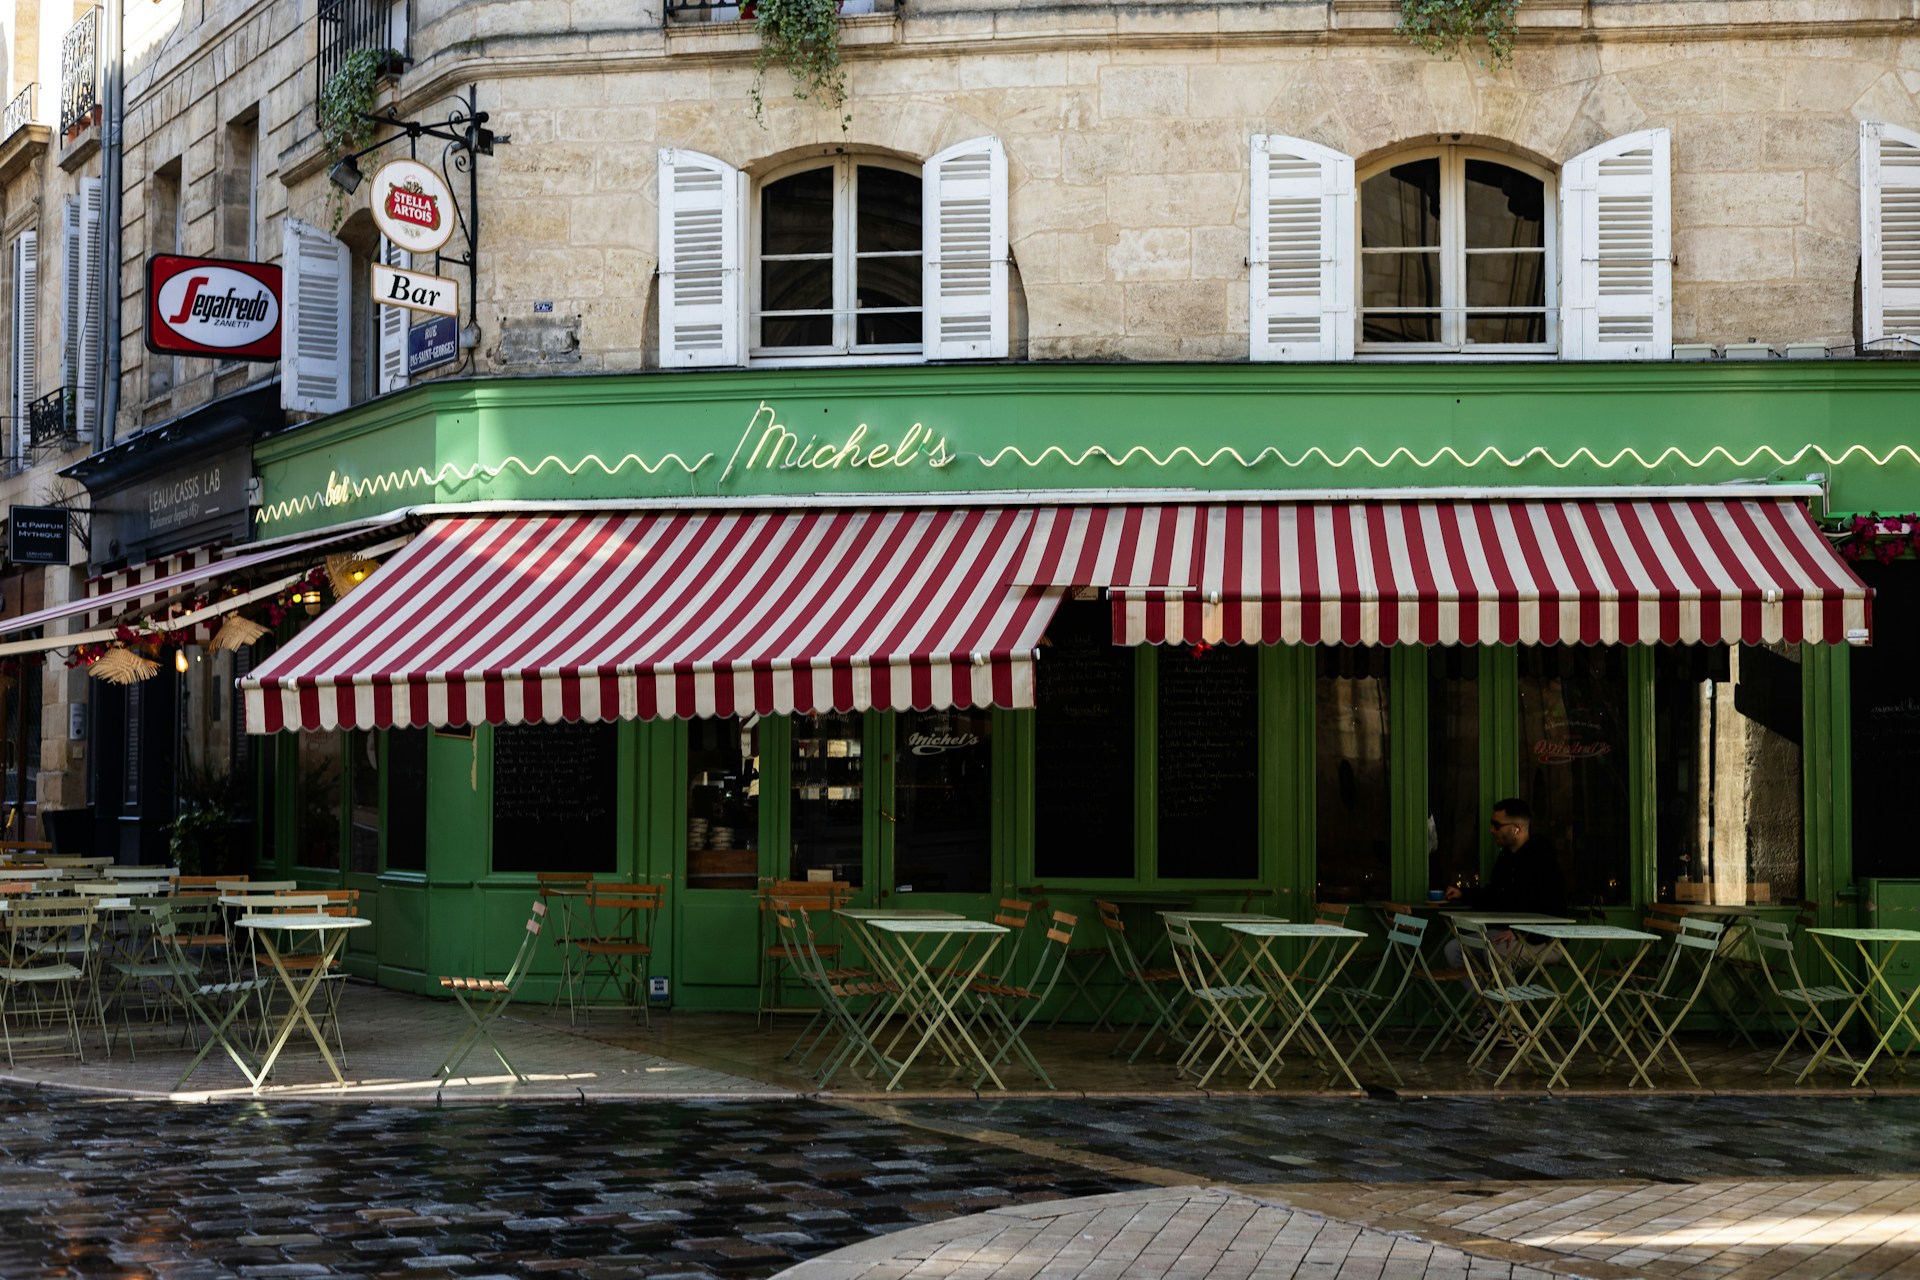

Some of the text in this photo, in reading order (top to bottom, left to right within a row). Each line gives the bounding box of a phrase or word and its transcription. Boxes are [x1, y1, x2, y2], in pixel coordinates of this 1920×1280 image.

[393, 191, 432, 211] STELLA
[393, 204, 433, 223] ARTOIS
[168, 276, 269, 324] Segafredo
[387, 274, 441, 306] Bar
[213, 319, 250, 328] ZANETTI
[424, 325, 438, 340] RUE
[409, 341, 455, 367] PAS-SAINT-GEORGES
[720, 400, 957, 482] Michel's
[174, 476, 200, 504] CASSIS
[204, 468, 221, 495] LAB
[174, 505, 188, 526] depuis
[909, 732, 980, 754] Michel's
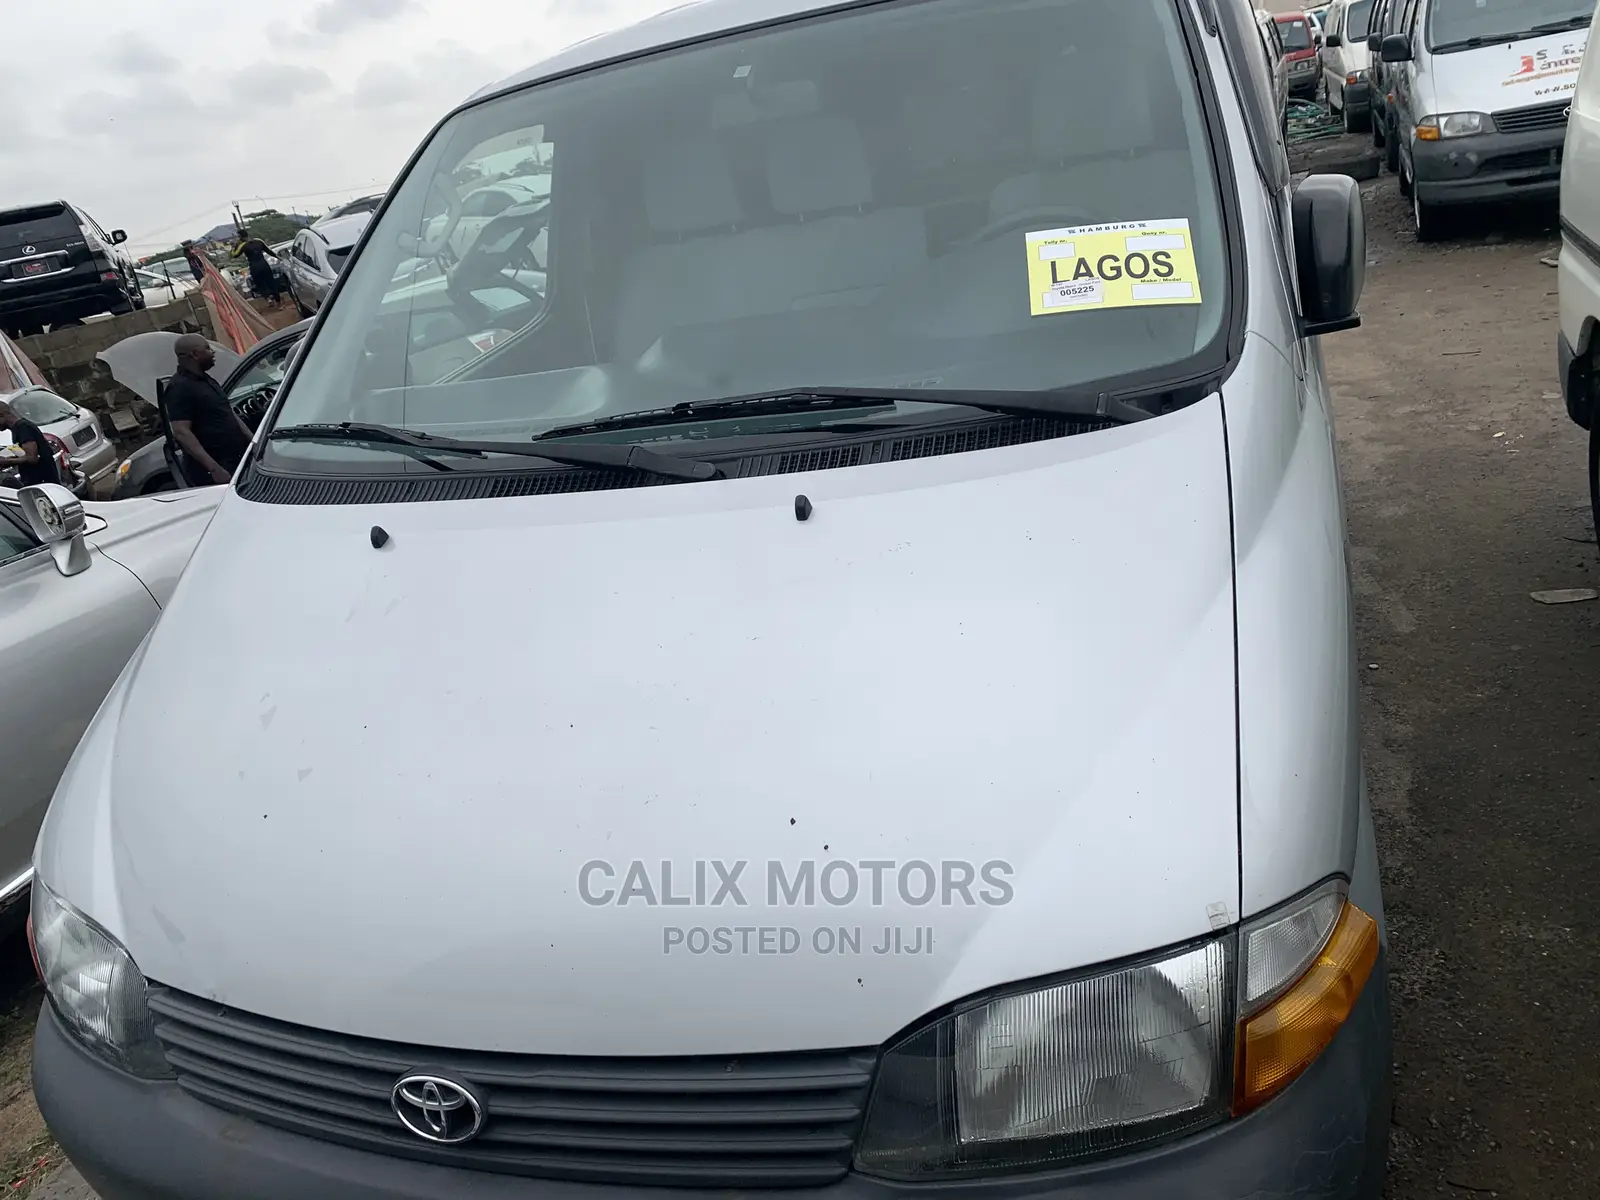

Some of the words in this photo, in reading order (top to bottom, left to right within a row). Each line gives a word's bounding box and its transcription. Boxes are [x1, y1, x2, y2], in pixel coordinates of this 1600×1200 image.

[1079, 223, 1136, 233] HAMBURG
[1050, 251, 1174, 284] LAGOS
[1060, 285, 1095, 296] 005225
──────────
▶ _Work request_:
Beginning with the line in which "Some of the words" appears, print each remaining line of the listing exactly, the last line included.

▶ _Written reply_:
Some of the words in this photo, in reading order (top to bottom, left to right within a row). Each line gives a word's bounding box and its transcription. Boxes are [x1, y1, x2, y2], in pixel coordinates of this 1600×1200 image.

[1079, 223, 1136, 233] HAMBURG
[1050, 251, 1174, 284] LAGOS
[1060, 285, 1095, 296] 005225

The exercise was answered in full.